- Not only India but also several advanced and rich countries are battling vehicle pollution alongside other pollutants over the last decade or so. The matter at hand has received enough attention from the worried environmentalists is stating the obvious. Environmental concerns leading to drastic climate changes have played havoc with the weather patterns around the world leading to destructions of immense magnitude. As a consequence, erratic and unseasonal rains are becoming a norm rather than an exception completely altering the centuries-old natural ecological system in a big way.
- Recognizing the need to address the growing concerns as regards safeguarding of the environment, several countries are earnestly progressing with measures that might seem appropriate to bizarre. The Indian Government too is leaving no stone unturned in its efforts to join hands with the global community by chipping in with measures that have not failed to draw ire from the public in general. We all know how New Delhi is battling for years now during winters when the pollution levels reach unbearable levels resulting in a standstill of economic activities.
- Lopsided measures like using odd and even-numbered vehicles on alternative days, shutting down crucial infrastructure construction activities, and closing schools have proved to be mere optics bereft of effective means to address the concerns galore. As such, the core issue of residual burning by farmers continues to be ignored or brushed under the carpet for fear of antagonizing the farming community. You see, they happen to be a huge vote bank and hence, cannot be brought to book for irresponsibly breaking the Supreme Court guidelines. Against this backdrop, comes the news that beginning 2022, the Delhi government will de-register diesel vehicles that have completed 10 years.

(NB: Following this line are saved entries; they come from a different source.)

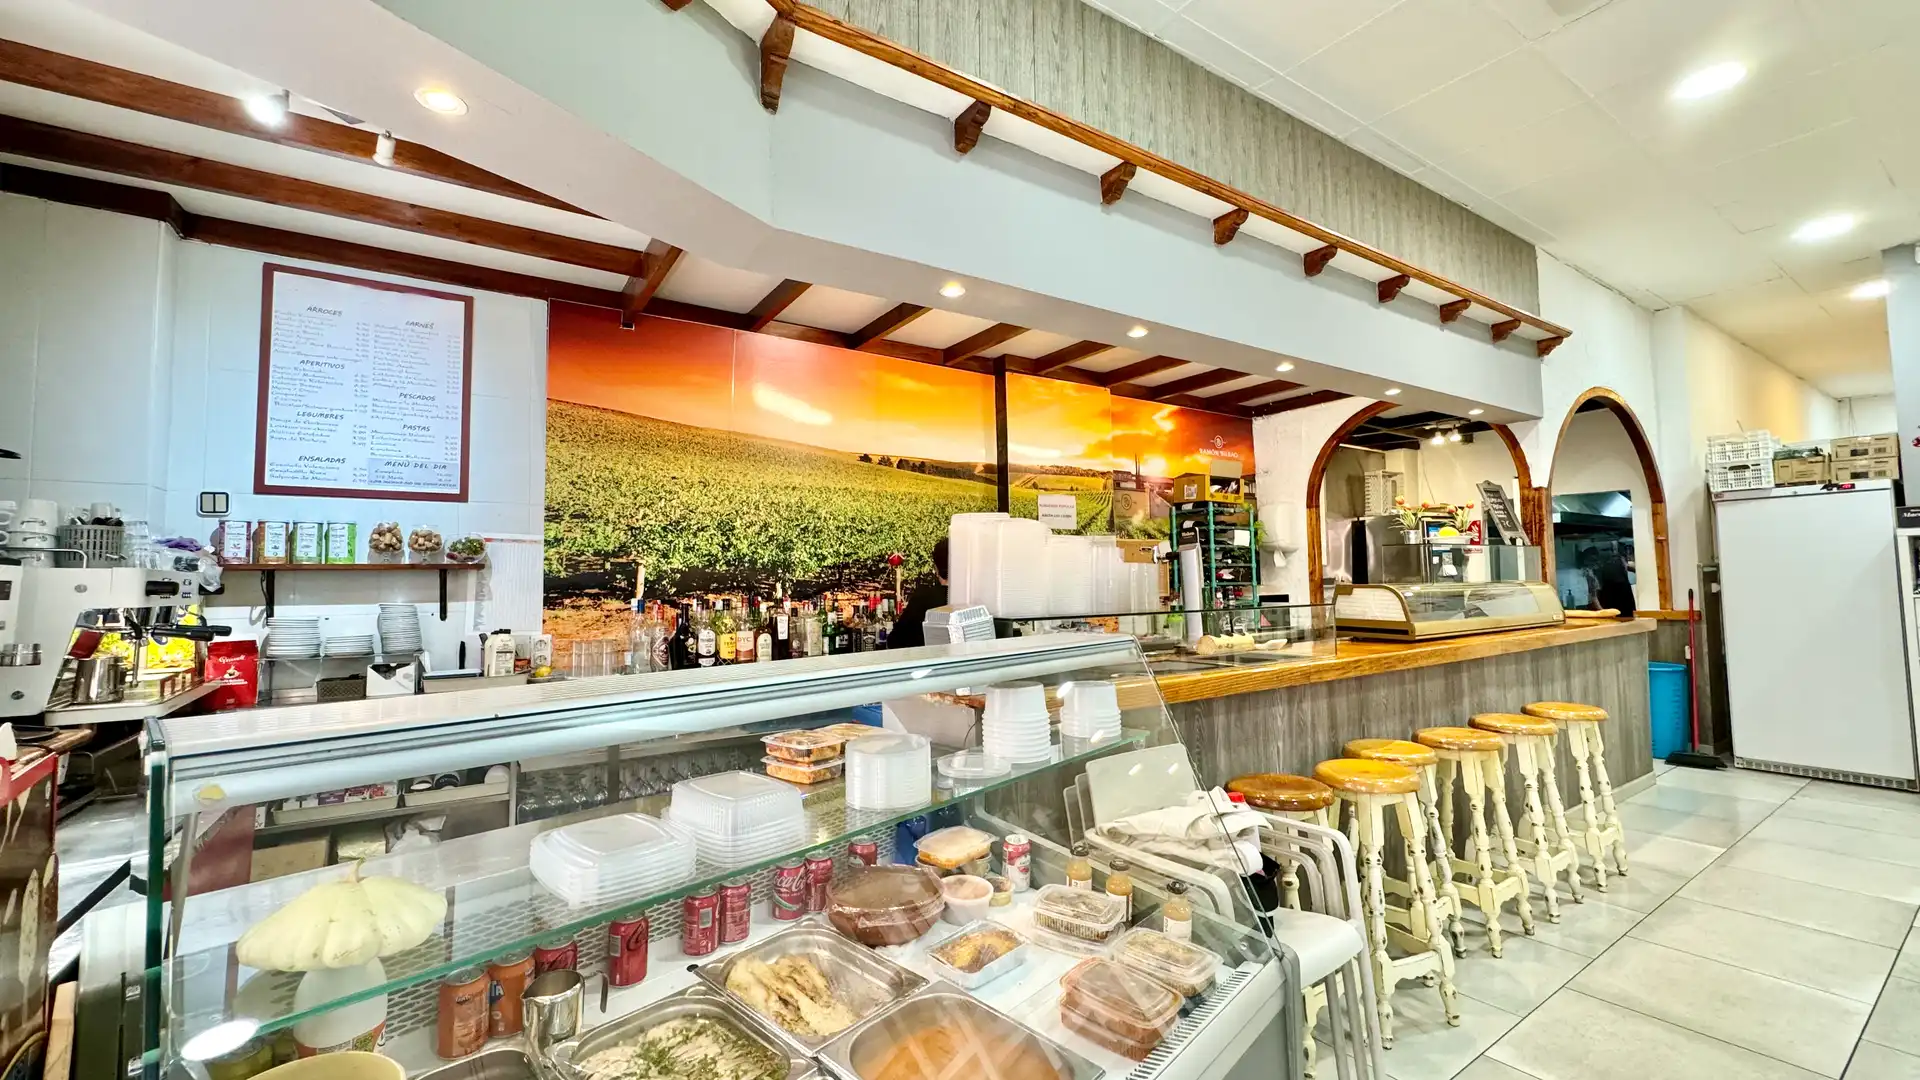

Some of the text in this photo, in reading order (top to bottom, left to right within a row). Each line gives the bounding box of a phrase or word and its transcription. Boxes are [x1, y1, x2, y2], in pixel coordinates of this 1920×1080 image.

[307, 306, 343, 317] ARROCES
[405, 320, 435, 330] CARNES
[300, 359, 345, 370] APERITIVOS
[399, 392, 436, 401] PESCADOS
[297, 411, 344, 420] LEGUMBRES
[402, 424, 431, 432] PASTAS
[298, 455, 346, 464] ENSALADAS
[413, 461, 429, 469] DEL
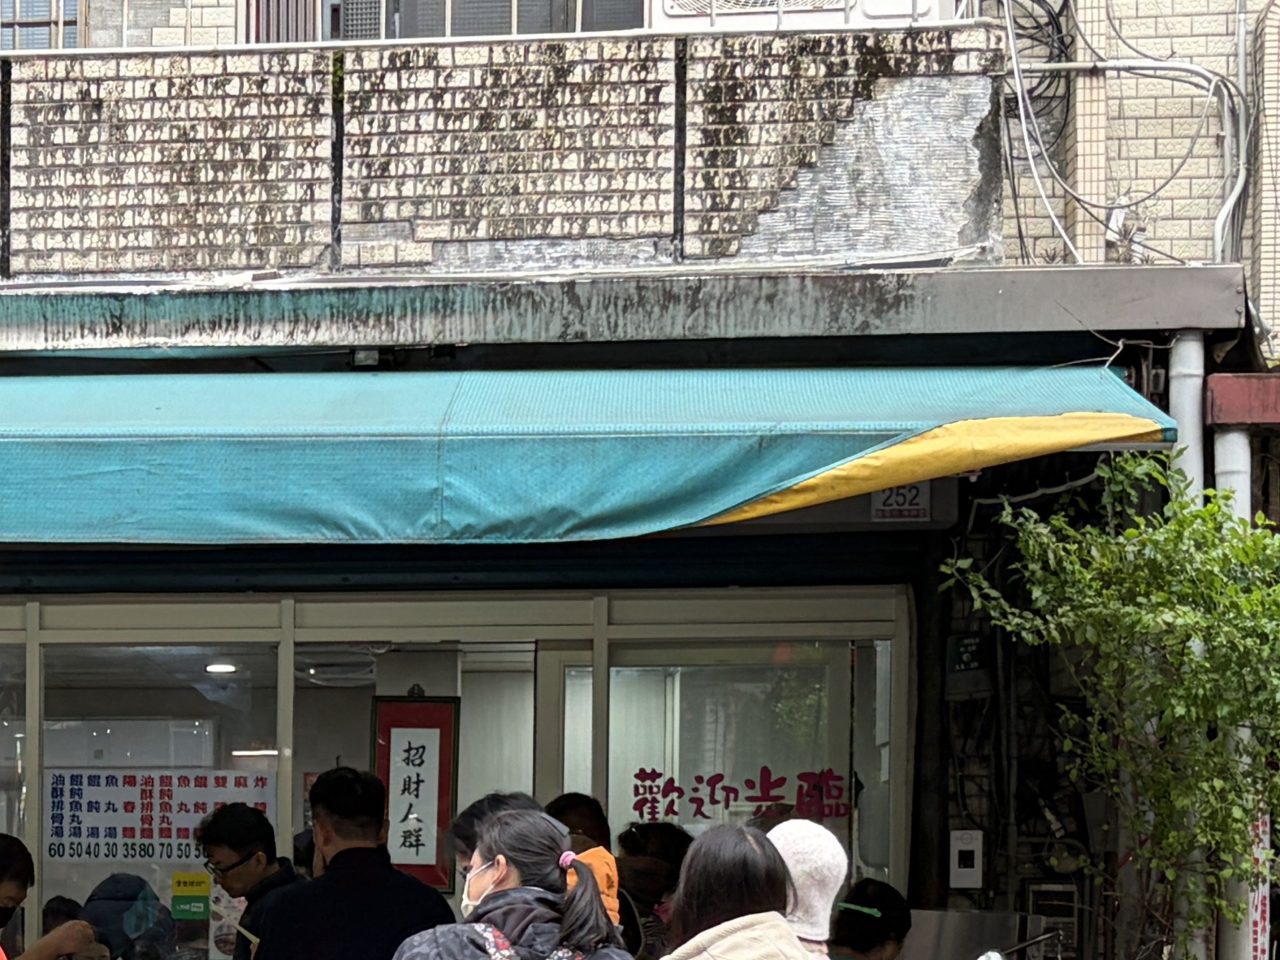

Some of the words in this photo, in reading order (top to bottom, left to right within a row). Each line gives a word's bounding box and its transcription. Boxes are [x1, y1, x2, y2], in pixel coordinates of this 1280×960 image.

[881, 485, 920, 507] 252
[50, 773, 65, 839] 油酥排骨湯
[69, 774, 84, 840] 餛飩魚丸湯
[86, 774, 101, 840] 餛飩湯
[103, 774, 119, 840] 魚丸湯
[399, 740, 426, 857] 招財人群
[48, 842, 66, 859] 60
[69, 841, 83, 859] 50
[85, 841, 100, 859] 40
[103, 841, 119, 859] 30
[122, 841, 138, 859] 35
[138, 842, 155, 859] 80
[159, 842, 173, 859] 70
[176, 842, 191, 859] 50

- The announcement is to give effect to an old order of the National Green Tribunal that was reiterated over three years ago by the SC. Nonetheless, all is not lost for many vehicle owners who will be affected. Note that if the vehicle is not over 15 years old, they can get a no-objection certificate from Delhi and have it registered in a neighbouring state. And how does such a move will help improve Delhi’s air quality is anybody’s guess but serves to highlight the rabid inconsistencies in the system to prevent air pollution. It is not rocket science to comprehend as to the only thing that matters is tailpipe emission in the case of vehicular pollution and not the age of a vehicle. This should be the focus of the exercise to improve air quality complemented by a national approach as state boundaries are irrelevant to the problem.
- A policy to tackle air quality that targets anything other than tailpipe emission will lead to distortions in the market for used vehicles without realising the overarching goal. Mind you, India notified national vehicle scrapping policy recently relying on incentives to phase out old vehicles. GOI has said in Parliament that the policy’s aim includes taking unfit polluting vehicles off the road. Rather than get unfit and polluting vehicles off the road, the best way to do it is to focus on tailpipe emissions and make it mandatory for older vehicles to undergo periodic checks. Of course, in the absence of strict enforcement, none of these measures will work.